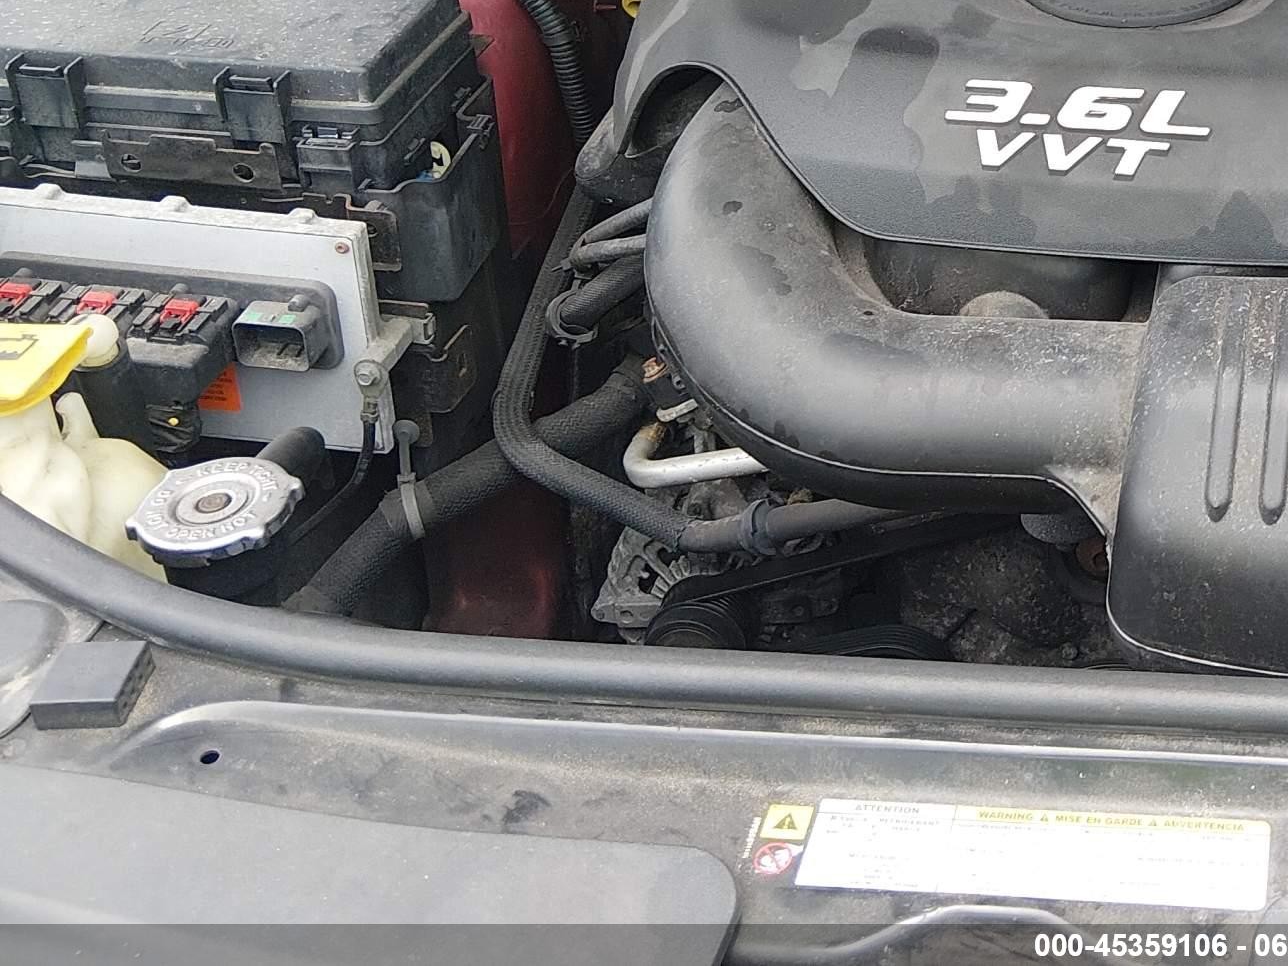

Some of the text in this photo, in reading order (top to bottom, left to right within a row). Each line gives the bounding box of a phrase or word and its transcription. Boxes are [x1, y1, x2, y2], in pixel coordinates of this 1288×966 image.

[944, 78, 1211, 140] 3.6L
[976, 128, 1171, 180] VVT
[855, 804, 920, 815] ATTENTION
[978, 810, 1034, 821] WARNING
[1055, 814, 1082, 823] MISE
[1086, 816, 1102, 824] EN
[1105, 817, 1143, 827] GARDE
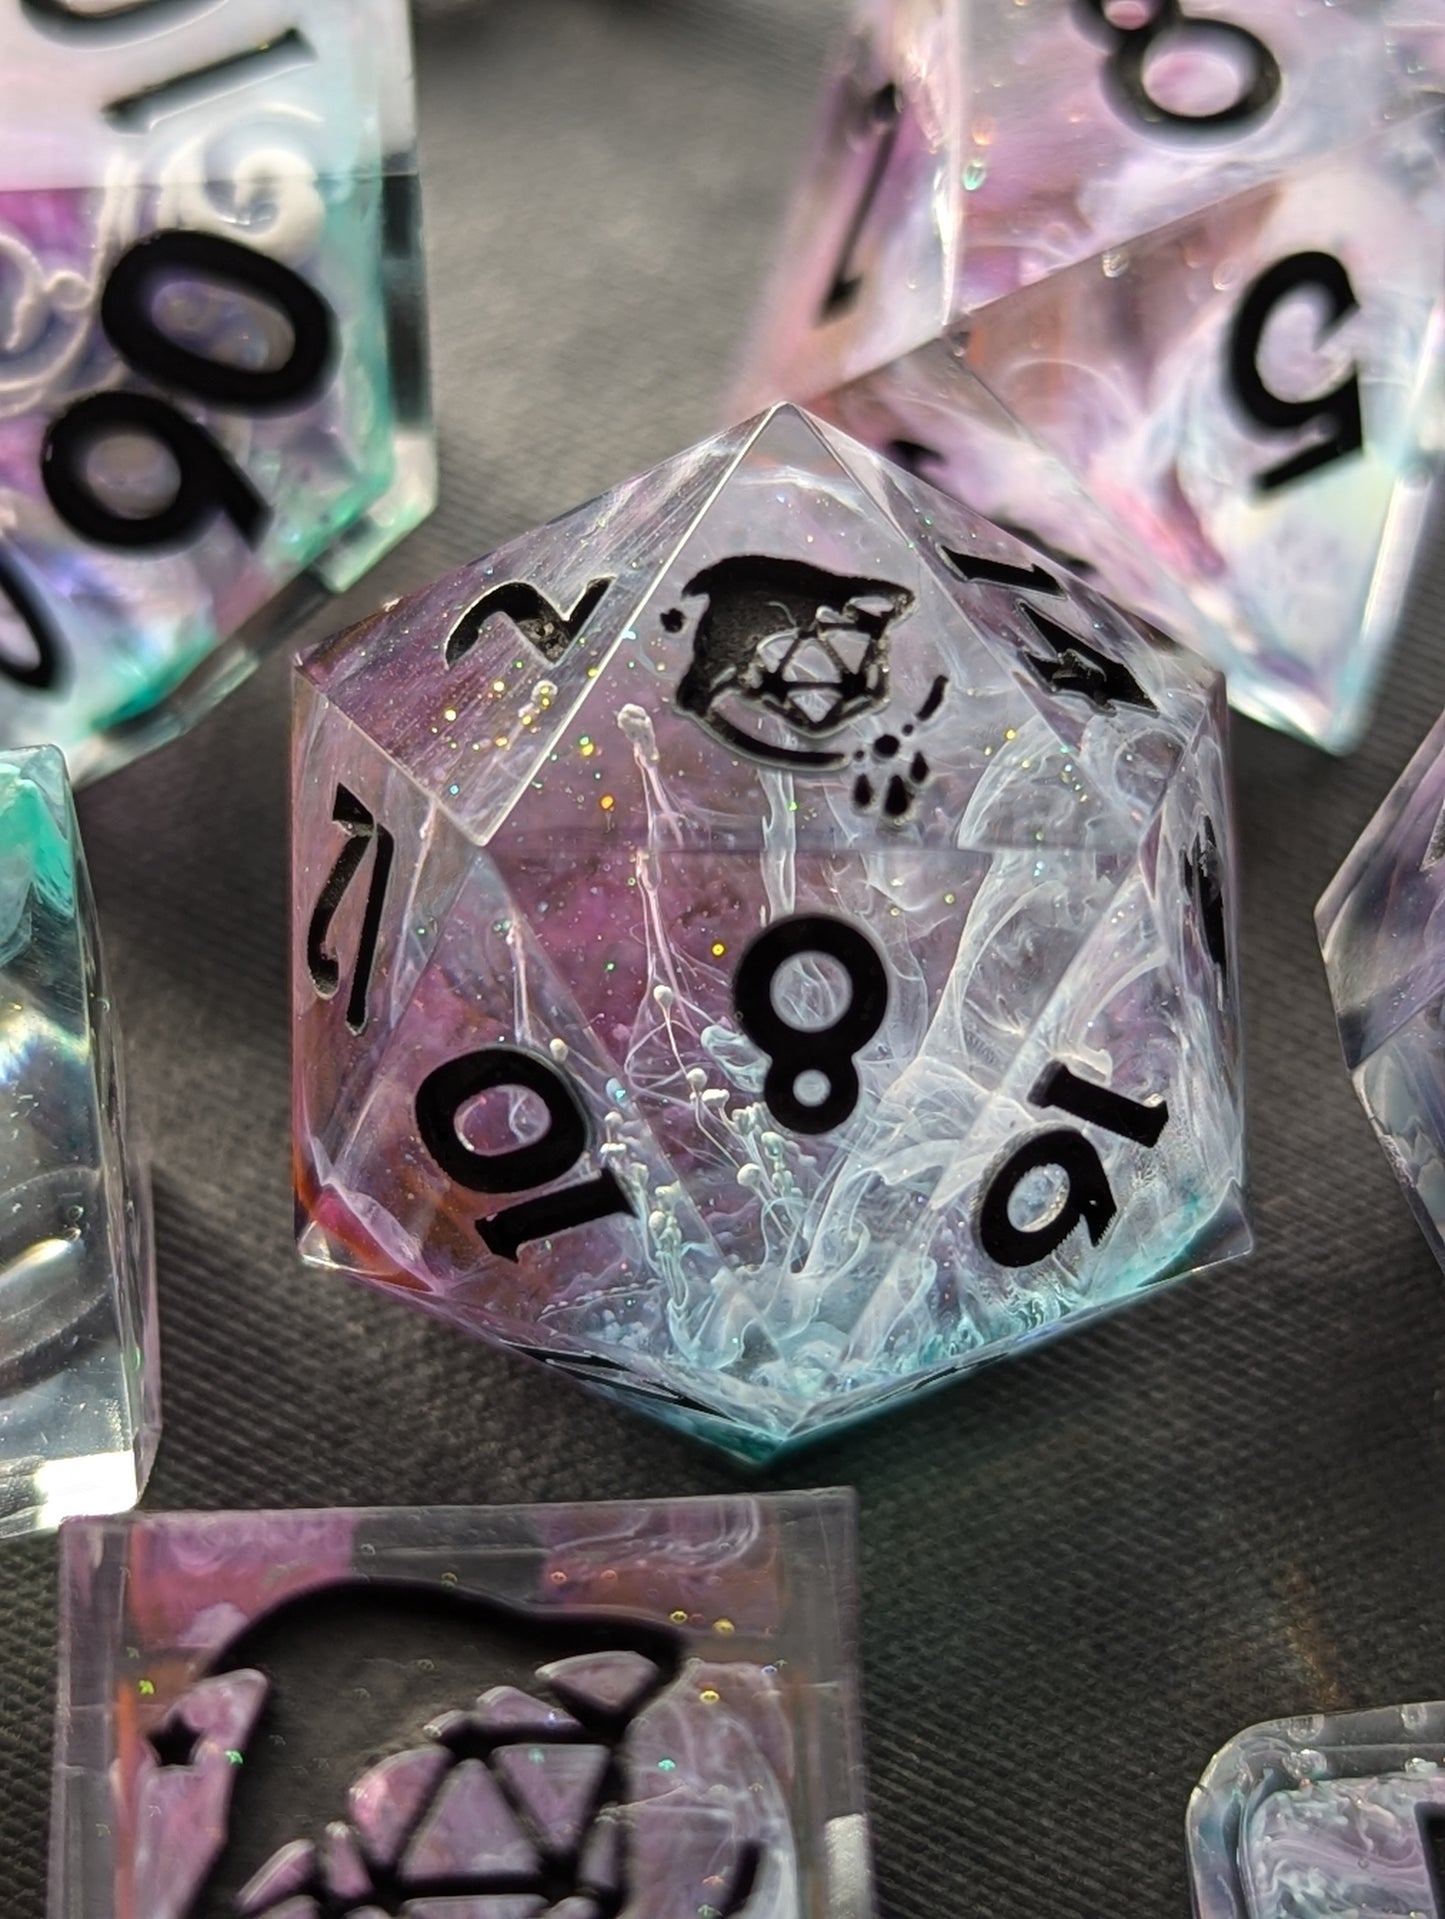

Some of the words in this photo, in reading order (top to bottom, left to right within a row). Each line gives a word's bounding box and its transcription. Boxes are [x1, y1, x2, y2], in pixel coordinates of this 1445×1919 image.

What you should do -> Please repeat the data verbatim and leave the pictures out of your copy.

Exercise answer ->
Some of the text in this photo, in reading order (top to bottom, left to right within a row). Each line gives the bounding box of a phrase or word and its transcription. Boxes are [x1, y1, x2, y2], in pixel coordinates of this 1288×966 image.

[944, 78, 1211, 140] 3.6L
[976, 128, 1171, 180] VVT
[855, 804, 920, 815] ATTENTION
[978, 810, 1034, 821] WARNING
[1055, 814, 1082, 823] MISE
[1086, 816, 1102, 824] EN
[1105, 817, 1143, 827] GARDE

Some of the words in this photo, in reading order (top to bottom, left to right within a row). Each line gives a word's bounding box and its transcription. Boxes are [x1, y1, x2, y2], in pixel coordinates of this 1445×1919 image.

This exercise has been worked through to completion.